• Exercise description
Transcribe each line of the records below exactly, excluding any embedded images.

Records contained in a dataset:
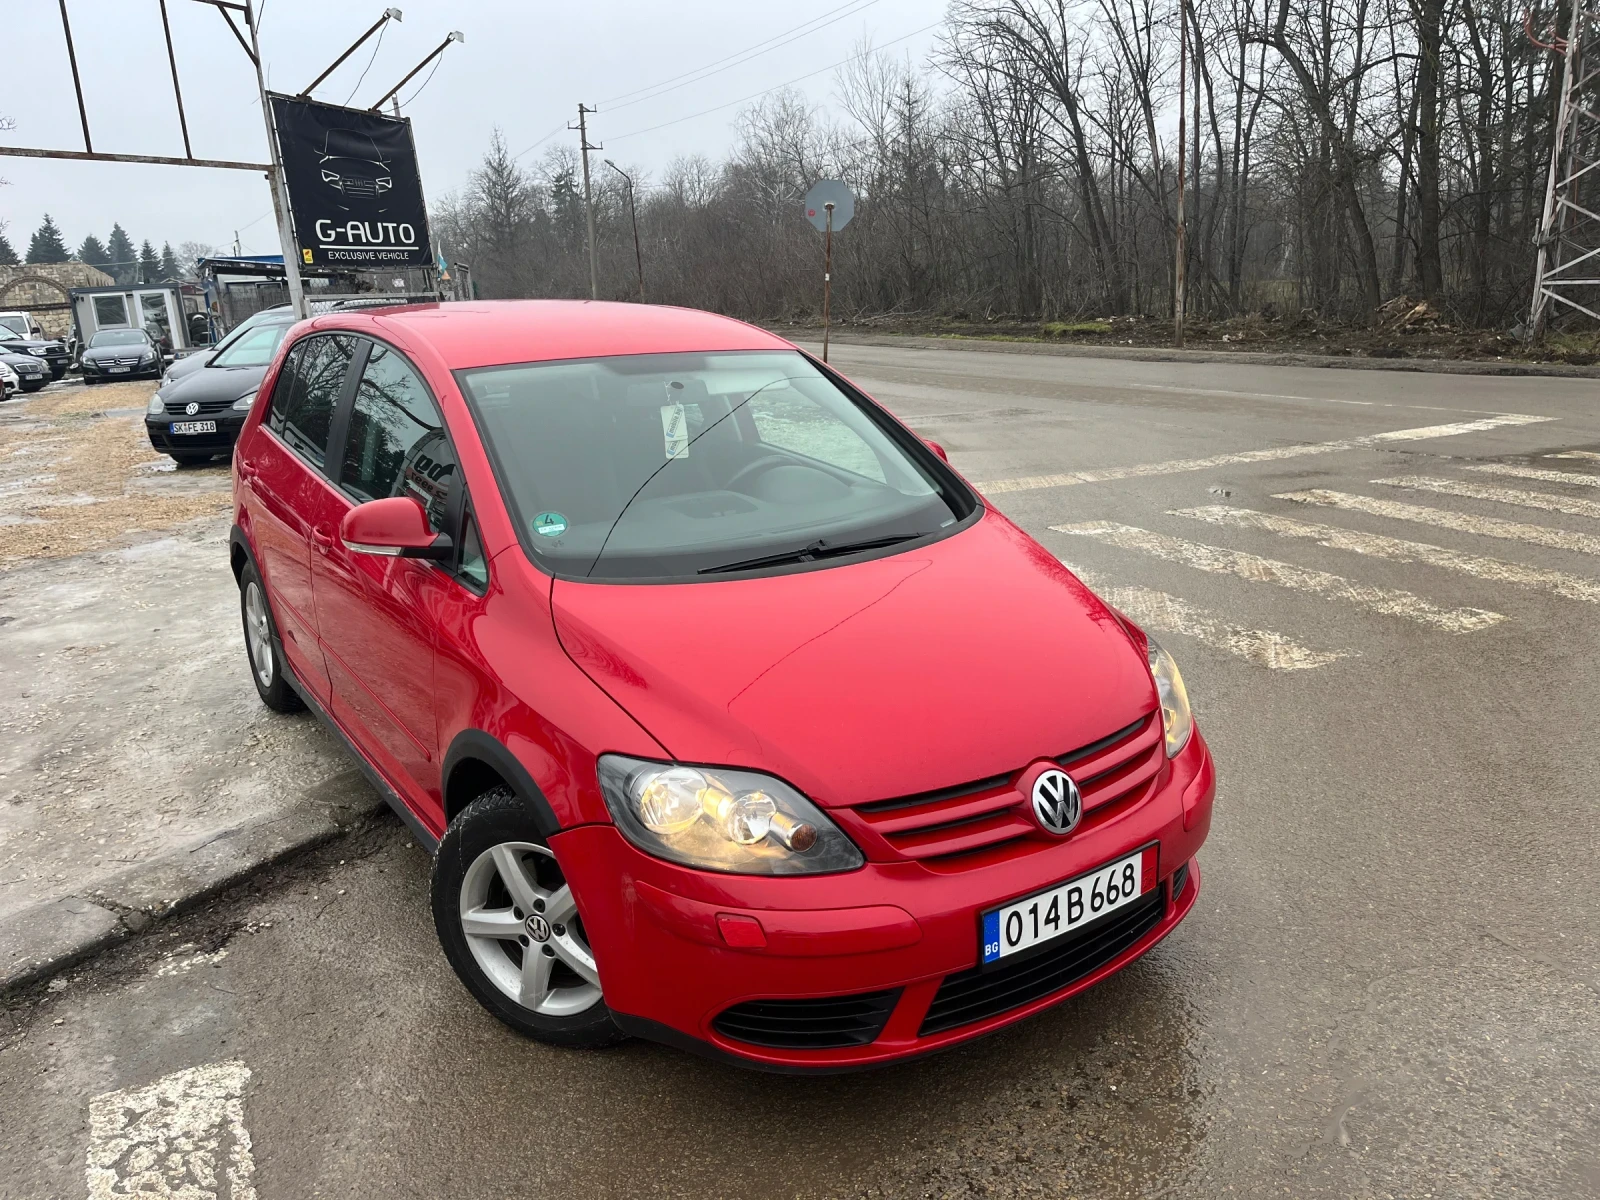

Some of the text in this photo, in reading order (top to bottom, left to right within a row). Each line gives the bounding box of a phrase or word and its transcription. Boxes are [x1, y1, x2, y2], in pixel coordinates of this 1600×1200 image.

[315, 219, 415, 244] G-AUTO
[328, 251, 410, 260] EXCLUSIVE VEHICLE
[173, 421, 215, 432] SK FE 318
[544, 514, 555, 525] 4
[984, 941, 999, 956] BG
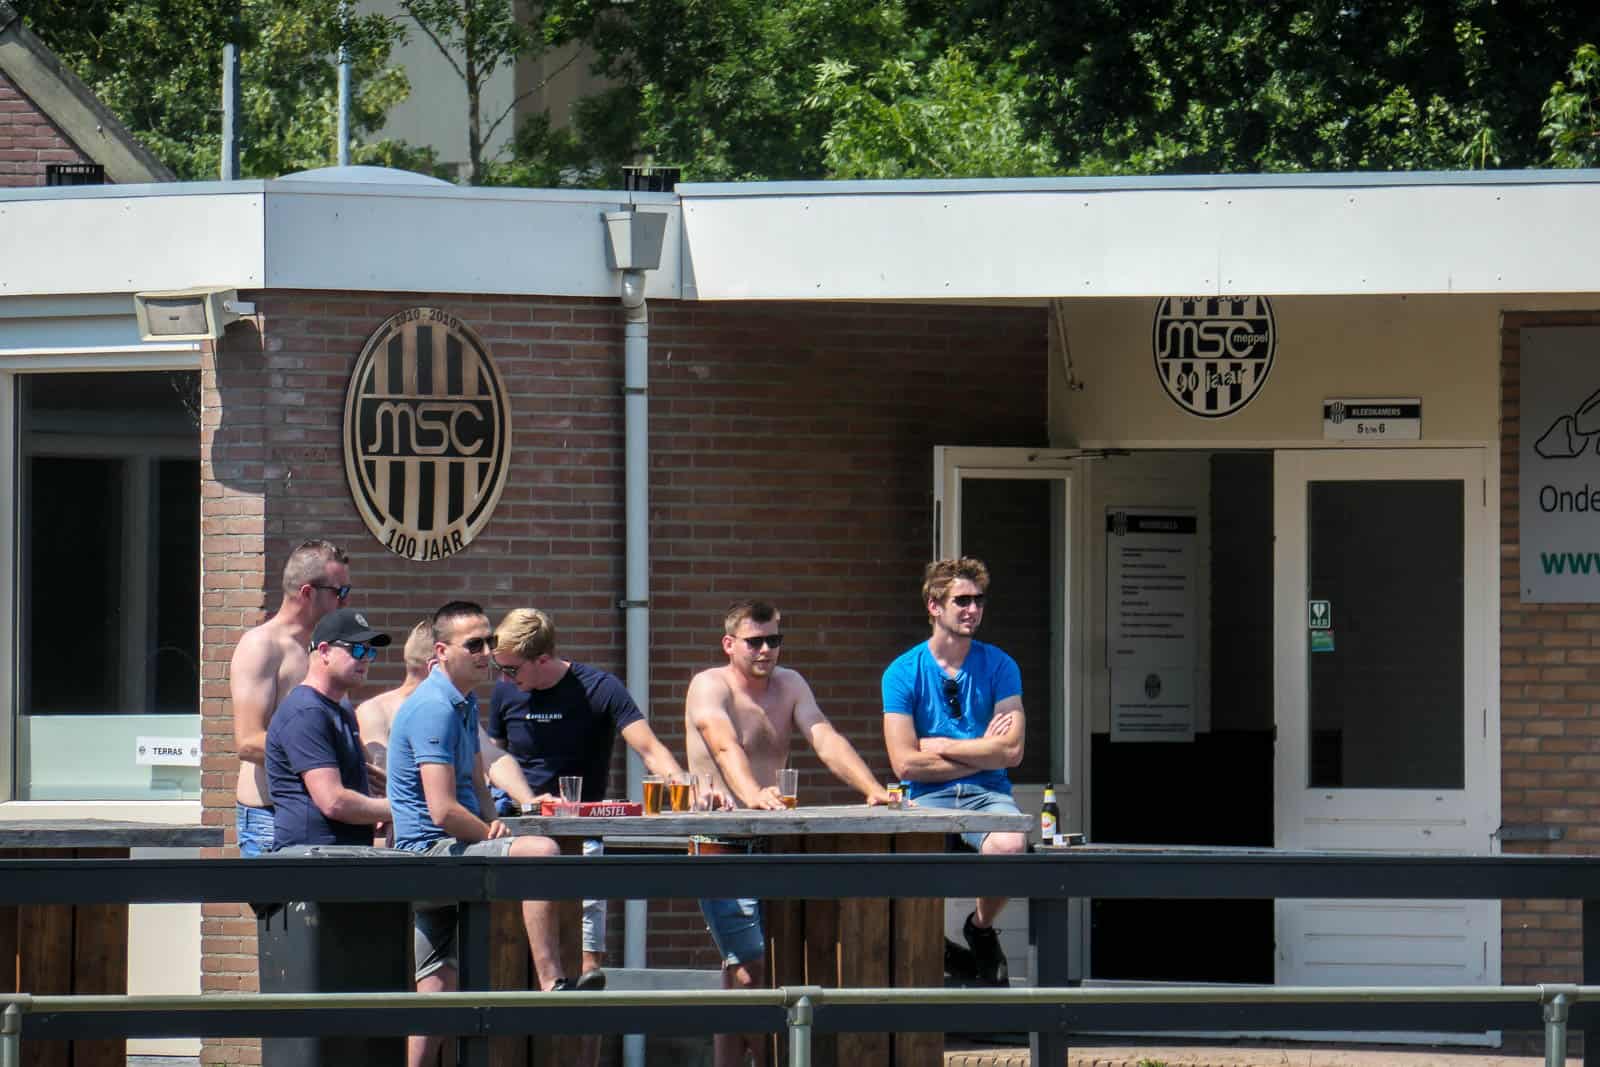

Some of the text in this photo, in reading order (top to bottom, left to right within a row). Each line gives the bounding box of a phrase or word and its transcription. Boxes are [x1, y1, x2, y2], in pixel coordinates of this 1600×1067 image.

[1233, 331, 1268, 348] meppel
[1176, 368, 1248, 393] 90 jaar
[1357, 423, 1364, 434] 5
[1379, 423, 1385, 434] 6
[385, 528, 464, 560] 100 JAAR
[152, 747, 183, 755] TERRAS
[589, 806, 627, 816] AMSTEL
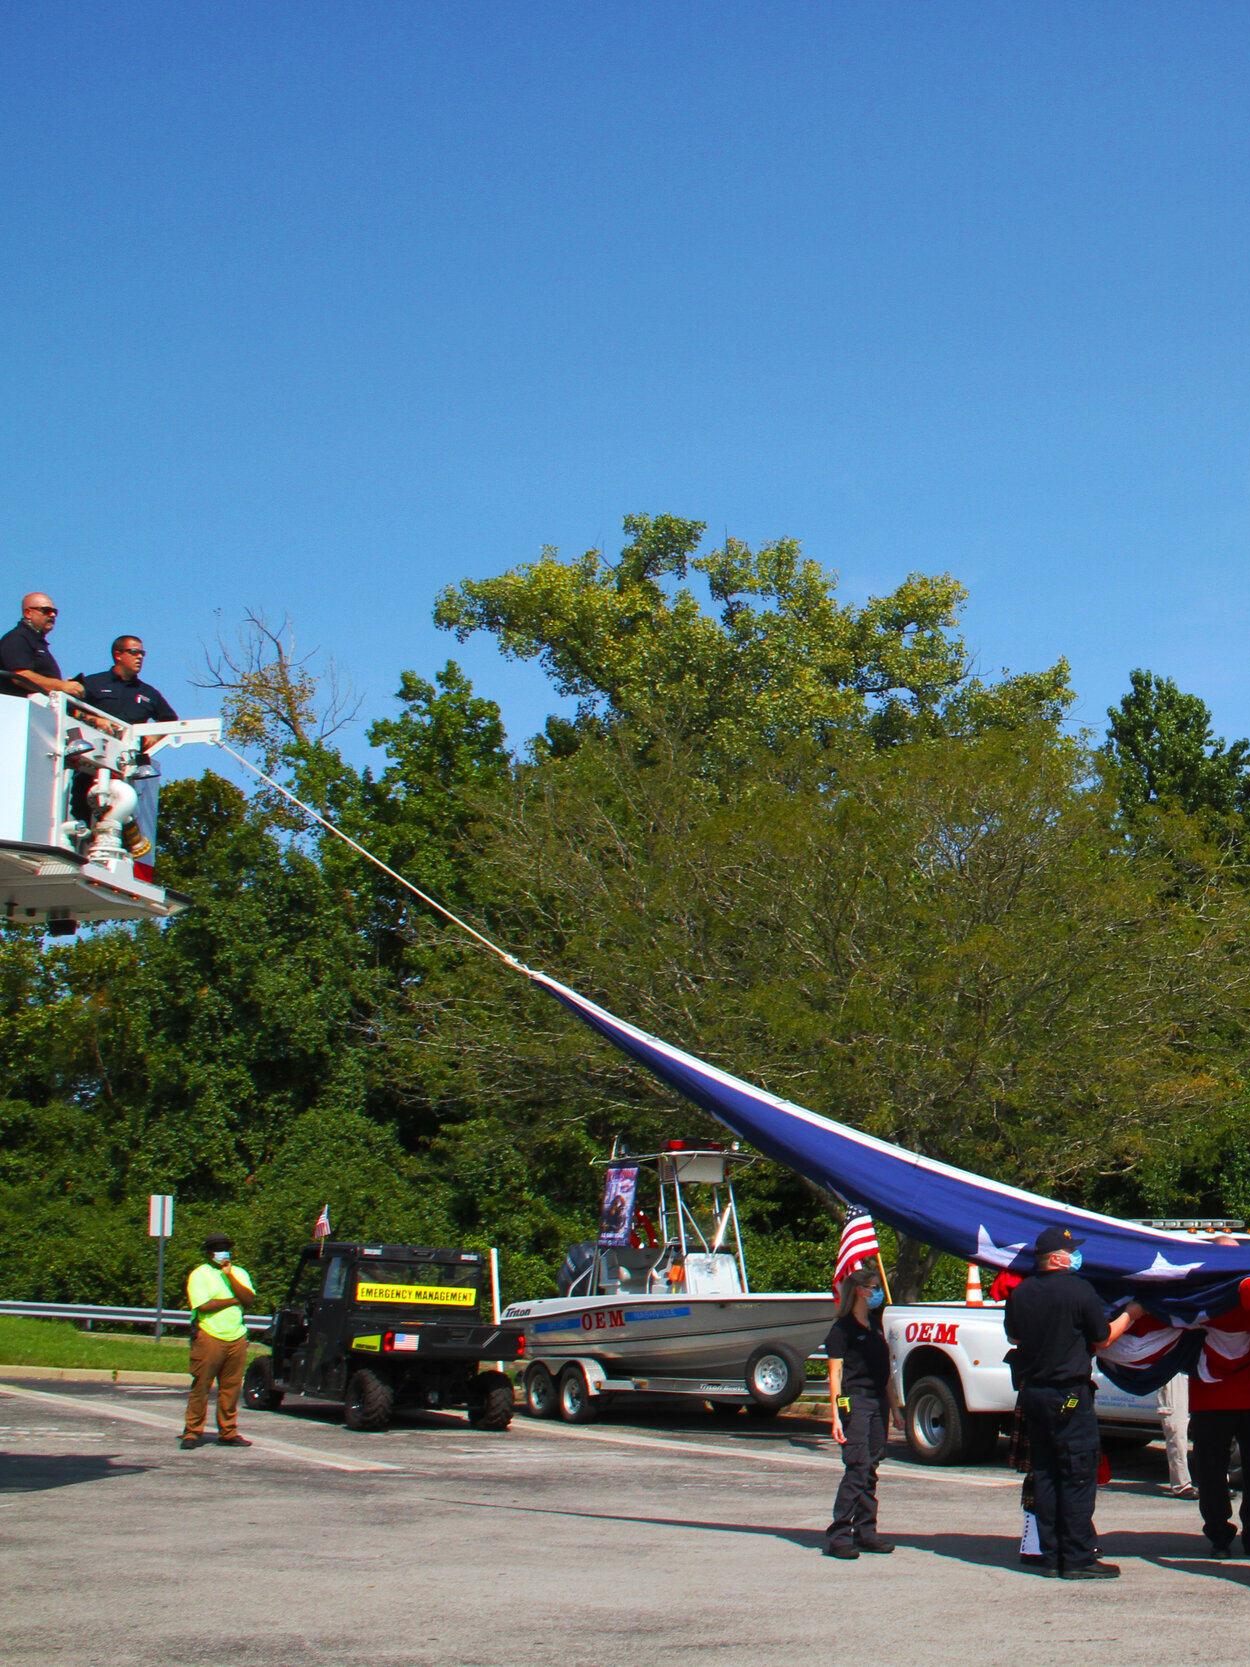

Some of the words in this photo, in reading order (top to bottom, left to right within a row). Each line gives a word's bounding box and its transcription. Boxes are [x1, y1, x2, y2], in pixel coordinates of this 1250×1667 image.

• Problem solution
Some of the text in this photo, in reading order (top to bottom, left to right within a row). Each line gives the bounding box of a phrase or word and its transcription. Boxes are [x1, y1, x2, y2], in pixel coordinates of this 1600×1200 image.

[315, 219, 415, 244] G-AUTO
[328, 251, 410, 260] EXCLUSIVE VEHICLE
[173, 421, 215, 432] SK FE 318
[544, 514, 555, 525] 4
[984, 941, 999, 956] BG

Some of the text in this photo, in reading order (top to bottom, left to right within a row). Each line gives the bounding box of a phrase or word and its transcription. Boxes are [x1, y1, x2, y2], in pixel coordinates of this 1600×1067 image.

[1233, 331, 1268, 348] meppel
[1176, 368, 1248, 393] 90 jaar
[1357, 423, 1364, 434] 5
[1379, 423, 1385, 434] 6
[385, 528, 464, 560] 100 JAAR
[152, 747, 183, 755] TERRAS
[589, 806, 627, 816] AMSTEL

Some of the words in this photo, in reading order (top to bottom, left to right within a row). Each line gives a word's bounding box and its transcription. Boxes are [x1, y1, x2, y2], in pixel coordinates of this 1250×1667 image.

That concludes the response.